April 20, 2018
Why is an anti-inflammatory diet important? Inflammation is directly linked to eight of the 10 most deadly illnesses in the United States. Alzheimer’s disease, cancer, heart disease, flu/pneumonia, diabetes, kidney disease, stroke, and chronic respiratory disease are all rooted in chronic inflammation. The body uses healthy inflammation as part of the healing process to help protect injured tissues and fight off illness. But when inflammation becomes chronic, its effects on the body as a whole can be devastating. Long-term, low grade inflammation can impact every cell and system in the body, precipitating everything from autoimmune illnesses like celiac disease and rheumatoid arthritis to acne, depression, asthma, obesity, and osteoarthritis.

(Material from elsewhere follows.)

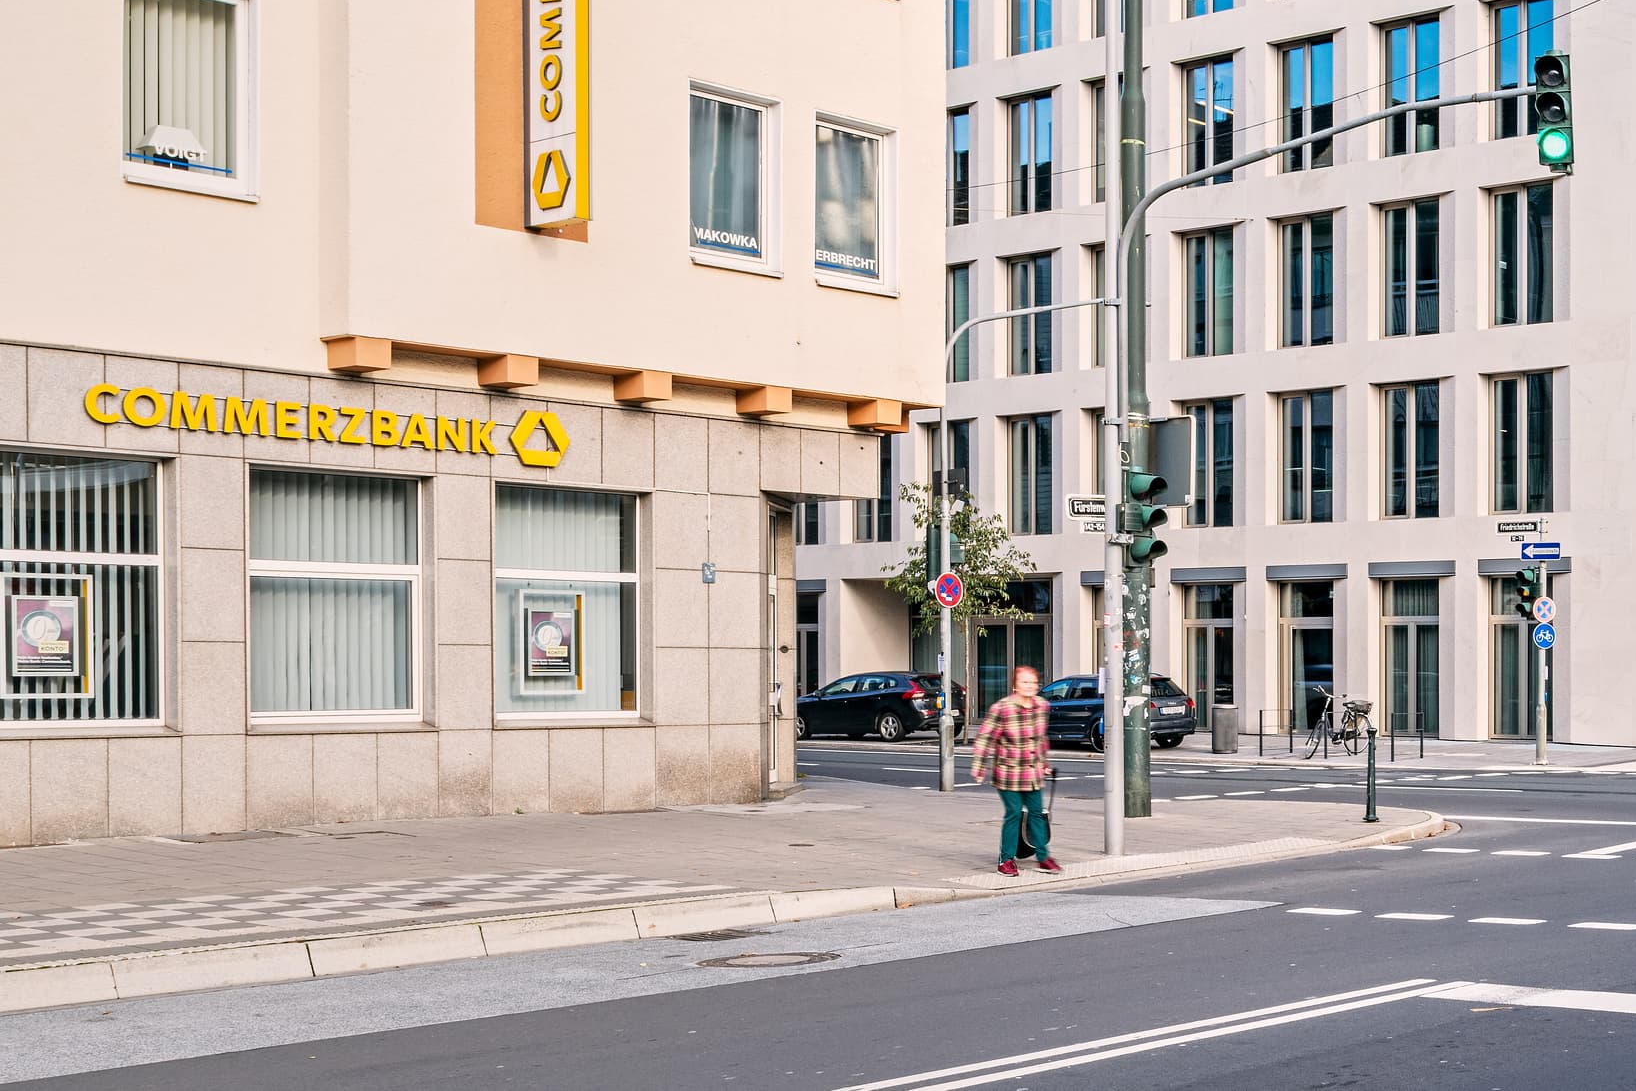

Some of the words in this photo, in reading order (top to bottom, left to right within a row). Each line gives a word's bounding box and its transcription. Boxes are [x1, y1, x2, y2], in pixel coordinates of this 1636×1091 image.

Inflammation is measured via blood tests which identify inflammatory markers. These markers can signal that the inflammatory process is under way, but not specific illnesses which may be developing as a result.
Certain foods in the Western diet can contribute to chronic inflammation. The Standard American Diet (SAD) tends to be high in calories, refined sugars and carbohydrates, industrialized fats like trans fats and hydrogenated oils, and processed foods. Over time, this contributes to a slew of health issues linked to chronic inflammation. Unlike the standard western diet, whole and natural food diets like the Mediterranean diet promote the elimination and prevention of chronic inflammation in the body. Which foods might comprise an anti-inflammatory diet?
As you start emphasizing an anti-inflammatory diet, it becomes easier to eliminate pro-inflammatory foods and substances from your routine. Whole foods and healthy fats are richly satisfying and flavorful, and with time you’ll naturally gravitate away from unhealthy choices. In the meantime, it helps to know which foods are causing the most problems. These are the top inflammatory foods to avoid:
Sugar and high-fructose corn syrup. Too much sugar can increase pro-inflammatory immune system messengers called cytokines. Sugar also suppresses the effectiveness of our white blood cells, leaving us more prone to illness and infections.
Artificial trans and hydrogenated fats, and processed vegetable oils like those from soy, corn, safflower, sunflower, and palm oil. These oils are high in inflammatory omega-6 fats, while low in beneficial omega-3s. Trans and hydrogenated oils are highly inflammatory, and have been linked to heart disease, type 2 diabetes, obesity, and stroke.
Refined flour and carbohydrates have been stripped of fiber and nutrients. Refined carbs readily cause blood sugar and insulin spikes, which have an inflammatory effect in the body. Over time, the regular consumption of refined grains can increase the presence of inflammatory marker PAI-1 in the blood. Eating whole grains, on the other hand, can reduce the presence of this same marker, as well as the more well-known CRP (C reactive protein).
Artificial sweeteners have been shown to alter the gut microbiome, and increase the risk of glucose intolerance. When our bodies can’t metabolize glucose properly, it results in the release of inflammation promoting cytokines. Artificial sweeteners also promote the proliferation of bad bacteria in the gut, and disrupt the anti-inflammatory activity of beneficial gut bacteria.
Heavy alcohol consumption has been linked to elevated CRP levels — the more excessive the alcohol consumption, the greater the risk for increased CRP levels in the blood.
Processed meats are associated with an increased risk of heart disease, diabetes, colon cancer, and stomach cancer. Common types of processed meats include hot dogs, bacon, sausages, lunch meats, ham, smoked meats, and jerky. Processed meats are high in advanced glycation end products (AGEs), which are formed when some foods (including meats) are cooked at high temperatures. AGEs are known to cause inflammatory changes that contribute to disease.
Remember that certain lifestyle factors also elevate your risk for chronic inflammation. By getting regular exercise and embracing an anti-inflammatory diet, you’ll be making great strides towards protecting your health, longevity, and quality of life in the long term.